Hoy tampoco se dan los supuestos de Fahrenheit 491: al
contrario, hoy “todo vale, todo es posible, y vale igual”, de modo que los
libros ya no se queman. Por tanto, el camino más creíble es la deslectura de la
hipocresía instituida, del orden de las certezas apoyadas en la dominación y la
explotación tanto colectiva como individual, avalada por los indiferentes, los
silenciosos, los meticulosos, los ubicuos y los obedientes de toda laya que
transversalizan el campo oficialista en todas partes del mundo.
Falsa realidad, pero realidad al fin que pasa como
real. Cultura artificial para relleno de vacíos previendo los peligros de la
experiencia sin teoría previa en una sociedad global harta de teoría.
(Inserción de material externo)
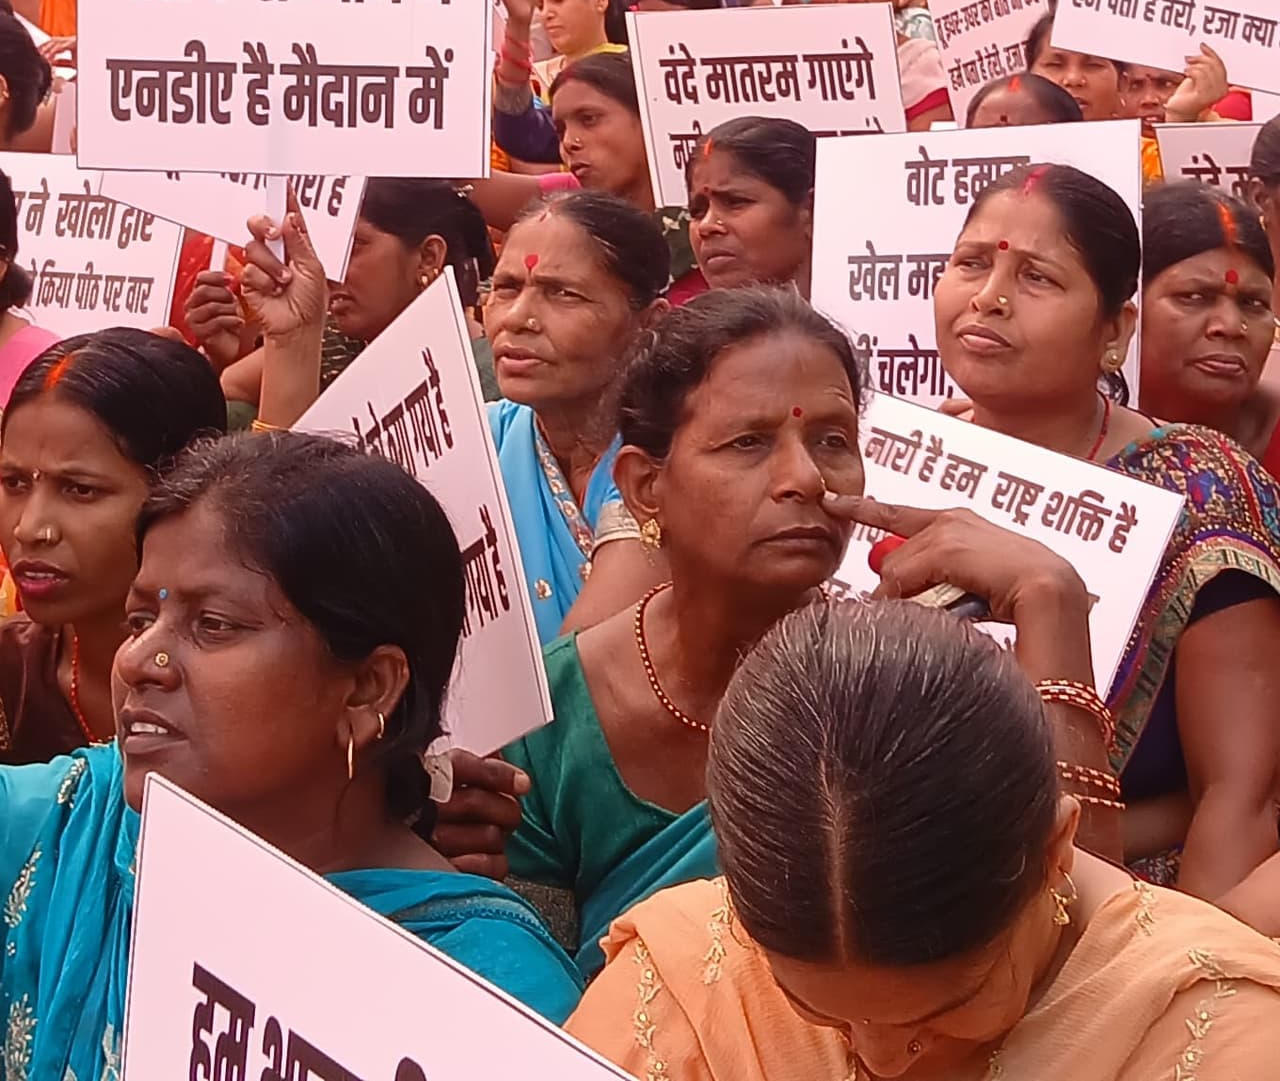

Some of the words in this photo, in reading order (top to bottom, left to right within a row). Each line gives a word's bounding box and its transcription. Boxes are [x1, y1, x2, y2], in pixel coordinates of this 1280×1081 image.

Cultura-espectáculo, pasatista, de entretenimiento, para relleno del tiempo
libre con oquedad intelectual, sin brindar a los consumidores nada bueno ni
conveniente a su desarrollo integral pero sí sacando provecho económico de su
aglutinamiento festivalero: una vez más la importancia de la escala
independientemente del motivo y del producto.
Innumerables seres humanos aislados entre sí,
alienados y uniformizados por el espectáculo que constituye esa realidad.
Por más que se ponga bajo la advocación de fetiches de época como la
solidaridad, la patria, el pueblo, la cultura, la identidad, la memoria… en este
caso sloganes mistificados manipulados a piacere desde el gobierno de
turno para obturar la emergencia de sus homónimos reales y verdaderos.